Preparation and Characterization of NLC

NLCs were prepared by the ME method using the ME region from the pseudoternary phase diagram. Three different equipment and protocols were used for NLC preparation to maximize the EE and to minimize drug degradation. NLCs prepared by these methods were named NLC-1, NLC-2, and NLC-3. The lipid phase comprised of solid lipid, oil lipid (Transcutol), and phospholipid in ethanol, whereas the aqueous phase comprised of water containing tween 80. Phospholipid was dissolved in ethanol and ACE in Transcutol.

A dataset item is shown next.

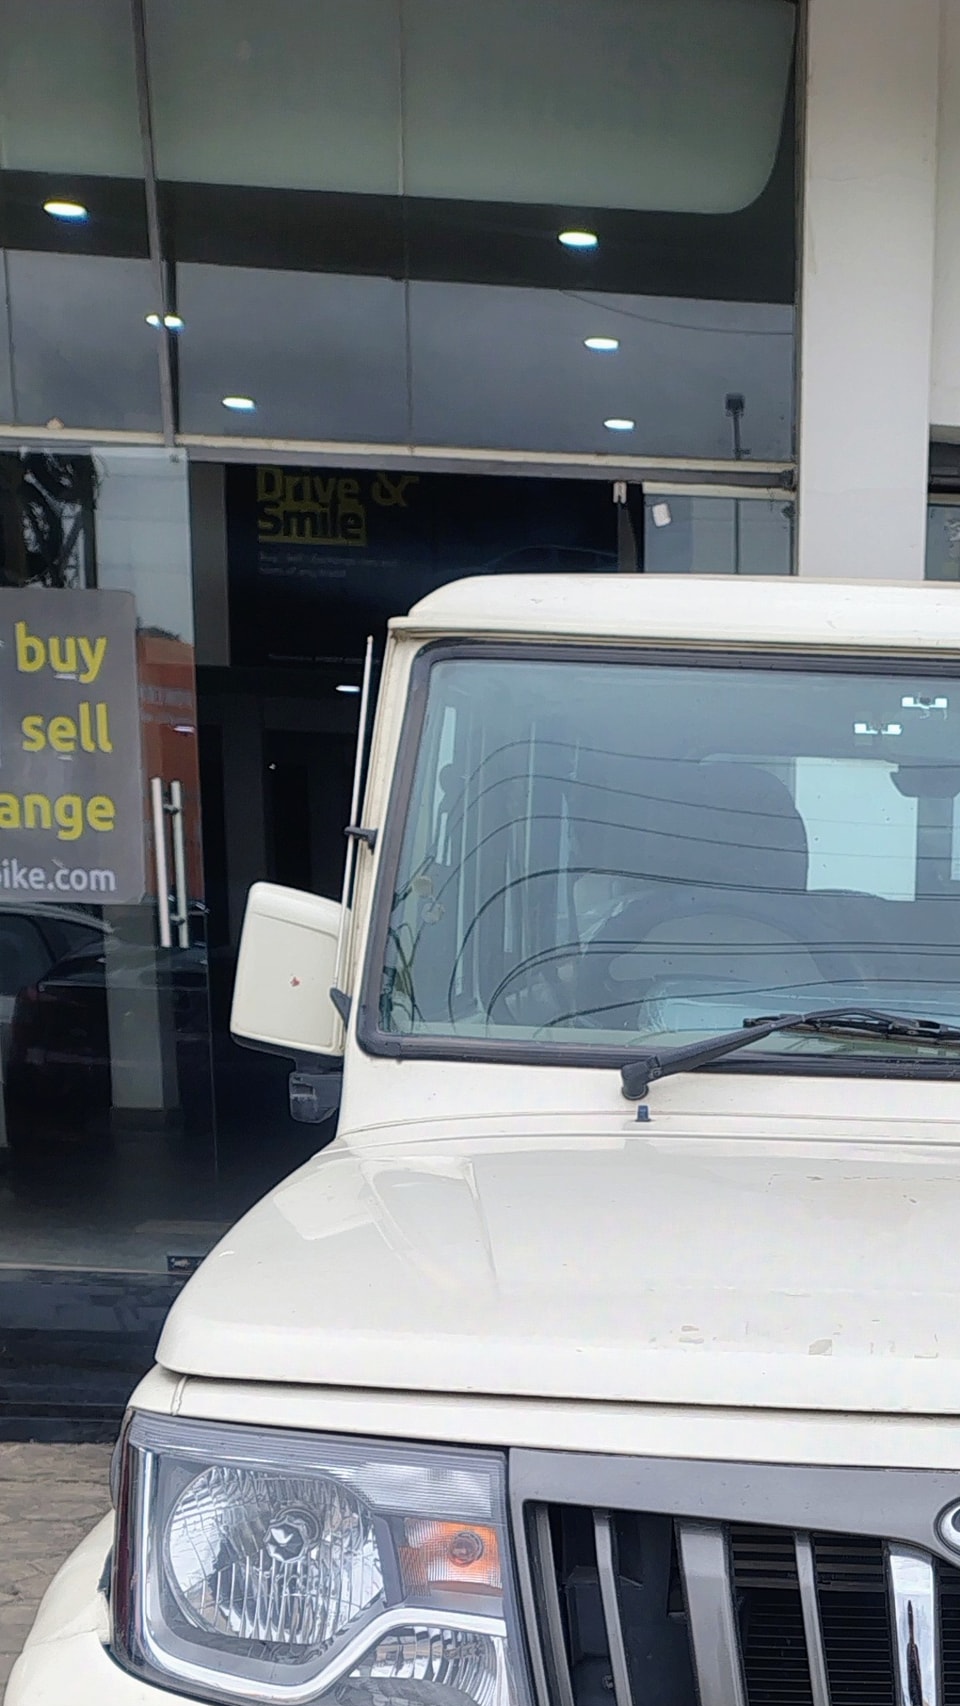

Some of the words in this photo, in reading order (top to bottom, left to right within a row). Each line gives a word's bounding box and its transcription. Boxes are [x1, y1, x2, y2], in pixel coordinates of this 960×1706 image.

NLC-1 formulation was prepared by using high shear homogenizer (SilentCrusher M, Heidolph Instruments, Germany), and solid lipids (GMS/CA/SA) were added with Phospholipon solution in ethanol and heated at 55–60°C, then heated lipid oil (Transcutol) was added. After mixing the hot lipid phase, hot water was added to the lipid mixture. Primary ME was formed following stirring for 5 min, and the above prepared mixture was added to 0.5% poloxamer solution under homogenization. Thereafter, the suspension was homogenized at 8,000 rpm for 15 min by using high shear homogenizer followed by magnetic stirring for 2–3 h at 500 rpm. NLC-2 was prepared by using probe sonicator (Sonicator 3000, Misonix, Inc., NY, United States), and sonication applied for only primary ME for 3 min at 3–6 w. This suspension was then poured into cold water containing 0.5% poloxamer. The formulation was stirred for 2–3 h at 500 rpm, and NLC-3 was prepared by mixing, and probe sonication used for 30 s at 3 w for preparing the primary emulsion followed by the addition of drops in cold water (0.5% w/v poloxamer) with continuous homogenization at 5,000 rpm for 5 min. This prepared sample was stirred for 2–3 h at room temperature. α-Tocopherol acetate (0.05%) and propyl paraben (0.02%) were used as stabilizer and preservative, respectively. All excipients were added into lipid phase, and the formulations were prepared in dark, then dispersion of NLCs was dialyzed using the cellulose dialysis bag (MWCO; 10 kDa) against double distilled water and acetone mixture (2:1) to remove unentrapped or free drug. Excess lipid was removed by membrane filter (0.45 μm), Millipore, United States, and washed with deionized water. Separated NLC suspensions were lyophilized using VirTis AdVantage and stored for long term use.

Characterization of NLC

Size, Polydispersity Index, and Zeta Potential

The size and polydispersity index (PDI) of NLCs were determined using Zetasizer (PCS, Nano ZS90, Malvern Instruments, United Kingdom). Samples were prepared by diluting the final NLC suspension 10–15 times using deionized water kept in polystyrene cuvettes and observed at a fixed angle of 90° at 25 ± 0.1°C. The zeta potential of the formulated NLCs was determined in folded capillary cells by laser Doppler anemometry using Malvern Zetasizer. Measurements were carried out at 25 ± 0.1°C with the samples properly dispersed in deionized water kept in the electrophoretic cell at an electric field of 15.24 V/cm to determine the zeta potential (Eratte et al., 2014).

Surface Morphology

The surface morphology of the prepared NLC formulation was confirmed by transmission electron microscopy (TEM) and is in accordance with the findings of Garg et al. (2016c, 2017) and Chauhan et al. (2020). Scanning electron microscopy (SEM) analysis provides high-resolution imaging useful to determine surface fractures, flaws, contaminants, or corrosion. A drop of diluted NLC suspension was taken on a coverslip which was fixed on to a brass stub using a double-sided adhesive tape and analyzed using SEM. It was then dried and made electrically conducive by coating it with a thin layer of gold; the sample was then loaded onto the microscope to take images. TEM analysis was conducted by placing a drop of diluted sample on a membrane-coated grid surface and further stained using a drop of 1% phosphotungstic acid and immediately added to the grid surface for 1 min, then the excess fluid was removed and the grid surface air dried at room temperature. The sample was then examined using high-resolution (HR)–TEM, Tecnai 200 Kv TEM at 10 × 15,000 magnification (Garg et al., 2016c; Garg et al., 2017; Chauhan et al., 2020).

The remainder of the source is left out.